Внешне Маша была похожа на Аню – одинаковые тонкие лица, большие глаза (только цвет глаз разный: у Маши – синий, глубокий, искрящийся, у Ани – карий), стройные фигуры. И рост одинаковый.
А вот работа у них была разная – ничего схожего. Маша Комарова была так же далека от театра, как Питер от Одессы, – работала каким-то засекреченным делопроизводителем в одном солидном советском учреждении, умела хранить тайны и хорошо печатать на громоздком, громко трещавшем «ундервуде», похожем на настоящий заводской станок.
«Ундервуд» имелся у неё не только на работе, но и дома, когда она садилась за него, то от ударов свинцовых букв по жёсткой каретке тряслись стены у всей квартиры, поэтому вечерами Маша старалась не печатать – соседи могли рассердиться, тем более в доме появились новые жильцы – сердитые работяги с одной из мануфактур, революционные лозунги они освоили в совершенстве и чуть что, хватались за ломы. Орали так, что сбивали друг друга с ног одним только криком.

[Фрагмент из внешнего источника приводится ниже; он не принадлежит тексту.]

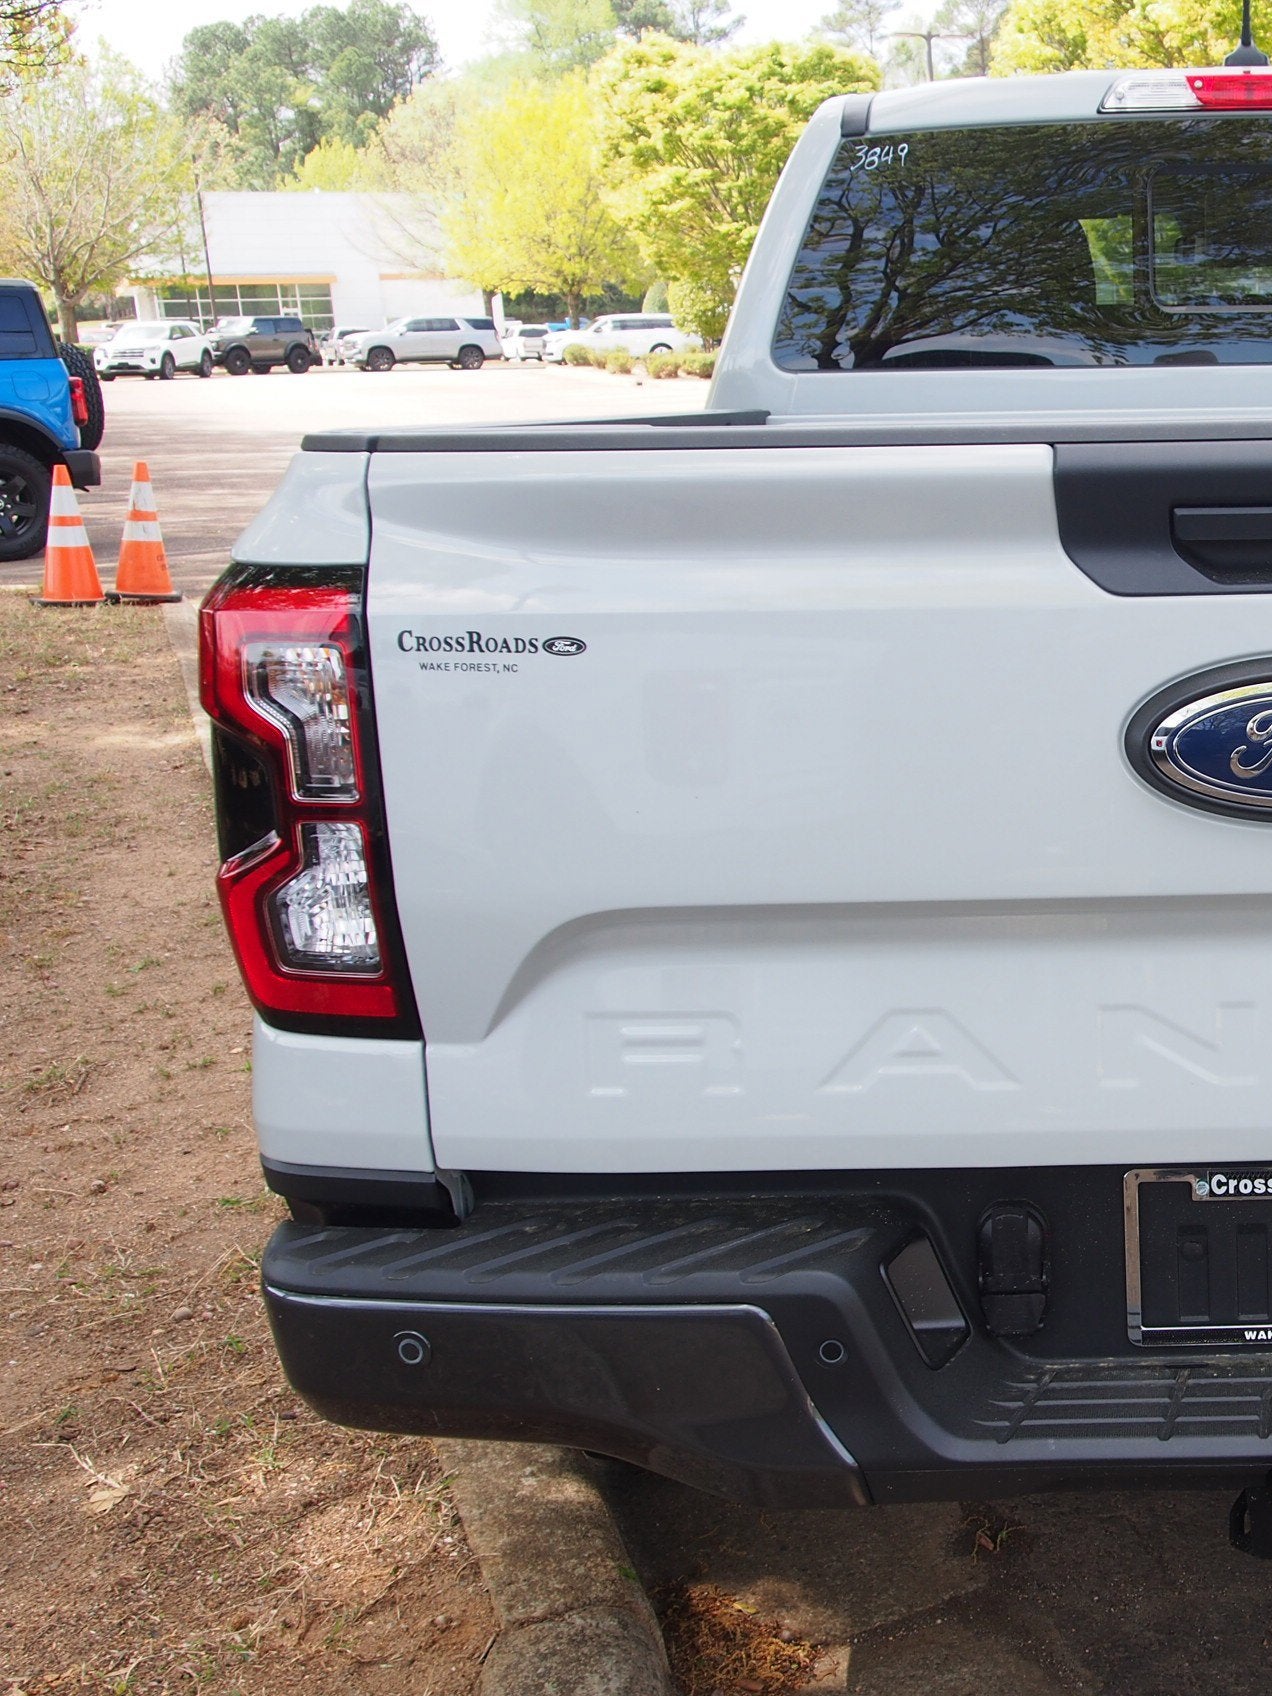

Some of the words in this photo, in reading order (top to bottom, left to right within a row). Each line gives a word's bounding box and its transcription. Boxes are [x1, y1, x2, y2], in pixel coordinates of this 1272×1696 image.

[850, 143, 909, 170] 3849
[419, 662, 450, 672] WAKE
[454, 663, 501, 674] FOREST,
[503, 663, 519, 673] NC

– Долой тяжкое наследие царского прошлого!
Маша Комарова этих людей боялась. Печатать тише, так, чтобы стены хотя бы не тряслись, она не могла, не получалось.

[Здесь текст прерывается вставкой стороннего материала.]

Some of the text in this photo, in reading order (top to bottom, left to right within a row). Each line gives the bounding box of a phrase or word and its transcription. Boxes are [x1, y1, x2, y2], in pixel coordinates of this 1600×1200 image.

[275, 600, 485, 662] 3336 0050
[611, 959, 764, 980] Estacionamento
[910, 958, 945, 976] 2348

Вообще-то она была женщиной робкой, скромной. Аня удивлялась, как же она нашла в себе сил и храбрости вступить в «Петроградскую боевую организацию», задавала себе такой вопрос и ответа не находила.
Аня обратила внимание, что уходили члены женской группы из квартиры поодиночке, жались к стенке и, чтобы не привлекать к себе внимания, старались ступать беззвучно. Подав Ане шаль, Маша вновь уселась на скрипучий старый стул и положила на скатерть тяжело гудящие, натруженные, покрытые вздувшимися жилами руки:
– Устала, Ань… Ты даже не представляешь, как устала.
Аня вздохнула.
– Как раз я-то хорошо представляю. И понимаю тебя. Очень даже хорошо понимаю.
Маша склонила к подруге голову в неком доверительном движении, также трудно и сыро вздохнула, словно в горле у неё скопились слёзы.
– Куда катимся – неведомо, – проговорила она тихо.
– Хочется, Маш, чтобы жизнь наша сделалась полегче… Вот туда и надо катиться.